On the way back, when deserializing a value, it is necessary to give the deserializer a hint about how to interpret the msgpack structures it receives as an input, since they all are the same from the protocol POV, but are different from the business logic POV. I don't like much the term "number indexed table" since it is actually wrong: for tuples we have two nested tables (always), while we can either have or not have a wrapping table depending on whether we are receiving a single object or a list of them. Furthermore, a string-indexed table as you are referring to it is a special case of a primitive and it may appear either a container-type value or a response object type.The key thing is that the driver takes responsibility for dealing with serialization/deserialization of the whole diversity of the object types, and here we (or the user) just need to provide the proper hint for the the driver about how to interpret the particular input/output objects.

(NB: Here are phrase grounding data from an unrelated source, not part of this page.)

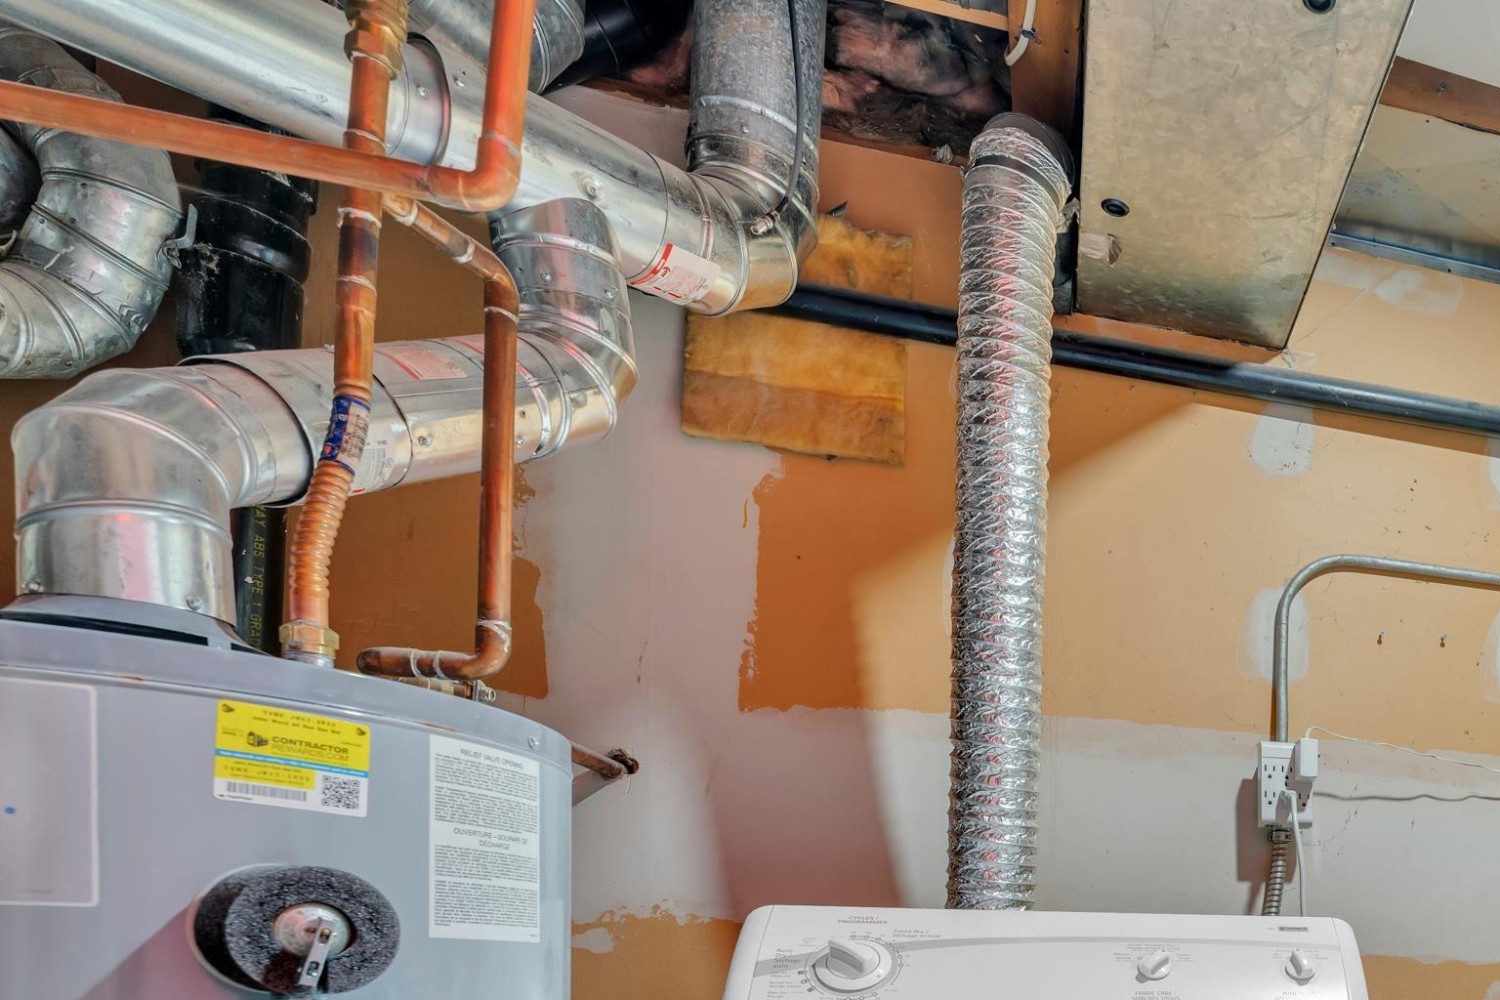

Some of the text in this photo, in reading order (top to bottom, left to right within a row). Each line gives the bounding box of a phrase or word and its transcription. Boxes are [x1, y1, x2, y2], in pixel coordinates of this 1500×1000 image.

[252, 534, 265, 596] ABS TYPE
[272, 736, 349, 754] CONTRACTOR
[272, 743, 349, 761] REWARDS.COM
[460, 748, 482, 758] RELIEF
[453, 827, 492, 839] OUVERTURE

 @Query(function = "", receiveTuple = false) // default recieveTuple = true
@Query(function = "", tupleConverter = false) // default tupleConverter = true
@Query(function = "", useTupleConverter = false)

Bool flags is a no way here, use either enums or classes references.

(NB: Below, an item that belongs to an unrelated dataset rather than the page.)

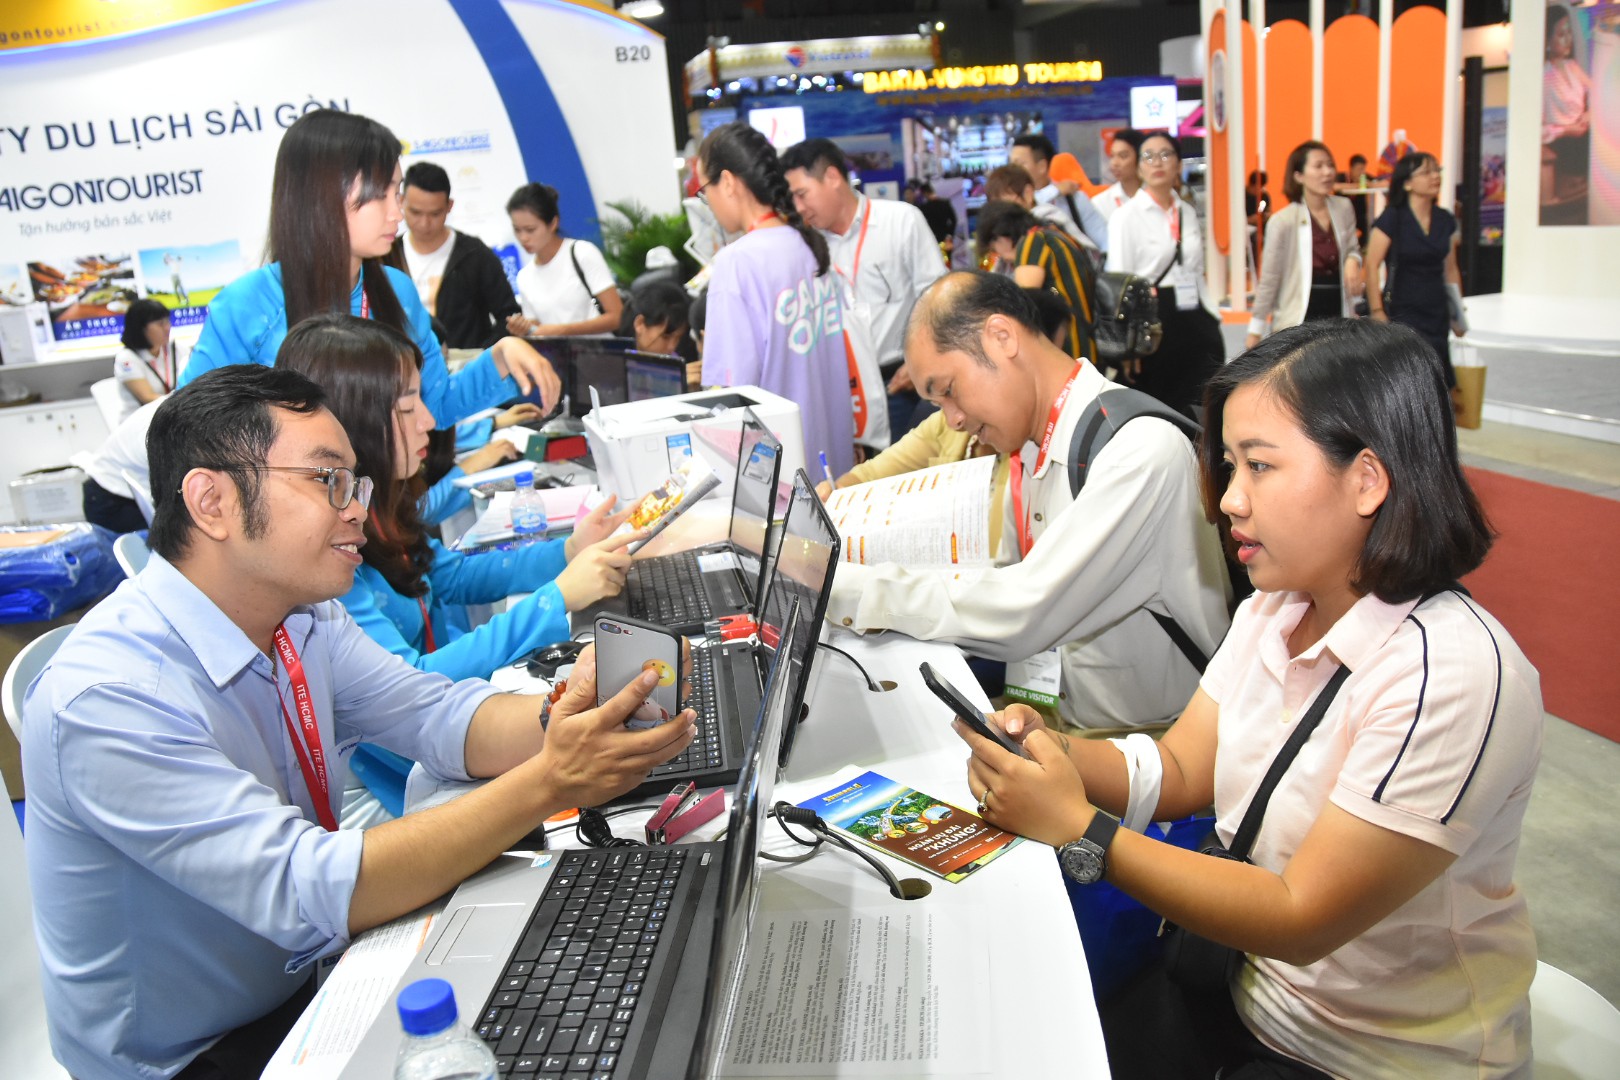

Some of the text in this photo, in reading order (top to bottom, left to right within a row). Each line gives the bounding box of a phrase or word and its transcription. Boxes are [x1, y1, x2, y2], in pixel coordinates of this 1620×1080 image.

I will try to express my thoughts, analysis about these comments.

Consider different response structures from Tarantool:

  • box.tuple - we have one kind of real taps - this is box.tuple(cdata). If we talk about the internal representation, then this is cdata (for lua) and in serialized form (what is transmitted via net.box) MP_ARRAY (array of index keys for MSGPACK). We can directly access the taps (spaces) of the instance through

    • IProto(INSERT,SELECT and etc.)
    • through the layer of the IProto (CALL / EVAL) operation, where inside there will be return box.space.select or something like that.

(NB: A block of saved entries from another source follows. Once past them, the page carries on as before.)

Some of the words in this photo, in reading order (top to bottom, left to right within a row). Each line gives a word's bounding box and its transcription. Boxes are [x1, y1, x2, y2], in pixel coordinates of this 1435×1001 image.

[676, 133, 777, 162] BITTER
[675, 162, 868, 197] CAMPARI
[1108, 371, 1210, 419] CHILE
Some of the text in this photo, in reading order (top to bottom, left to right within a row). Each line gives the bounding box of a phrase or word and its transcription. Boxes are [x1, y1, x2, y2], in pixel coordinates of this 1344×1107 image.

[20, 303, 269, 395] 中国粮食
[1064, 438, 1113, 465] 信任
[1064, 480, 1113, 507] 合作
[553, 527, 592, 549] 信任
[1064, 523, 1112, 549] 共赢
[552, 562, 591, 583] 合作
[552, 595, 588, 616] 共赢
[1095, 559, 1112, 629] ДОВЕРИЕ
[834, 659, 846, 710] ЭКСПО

    But in any case, we will get the same result, it will be array in array

    body: {48: [[1, 2, 3]]}
    

This response is accepted by java connectors as a TarantoolTuple if it matches the specified metadata format.

  • crud API - here we can only get the result through the IProto(CALL/EVAL) call, but we get the result already in the form

    body: {48: [{"metadata": [{"name": "id", "type": "unsigned"}, ...], "rows": [[1, 12477, "1", " eleven"]]}]}
    

    This response is accepted by java connectors as a TarantoolTuple if rows matches the specified metadata format.

  • lua response(array in array) - here we also call IProto(CALL/EVAL). We can return a table from lua {{1,2,3}} and serialize just like box.tuple in MP_ARRAY.

    body: {48: [[1, 2, 3]]}
    
  • lua response(map/primitive) - here we also call IProto(CALL/EVAL). We can return an association table from lua {key1 = val1, key2 = val2...}.


From these response structures, we can infer:

I don't like much the term "number indexed table" since it is actually wrong: for tuples we have two nested tables (always), while we can either have or not have a wrapping table depending on whether we are receiving a single object or a list of them.

  • It was wrong to call such response structures "number indexed table". It's probably better to use the word array instead of number indexed table.

  • Now the driver only accepts an array within an array, we cannot pass one tuple {1,2,3} without a wrapping array. You need to do a test for this, the ticket already exists #79.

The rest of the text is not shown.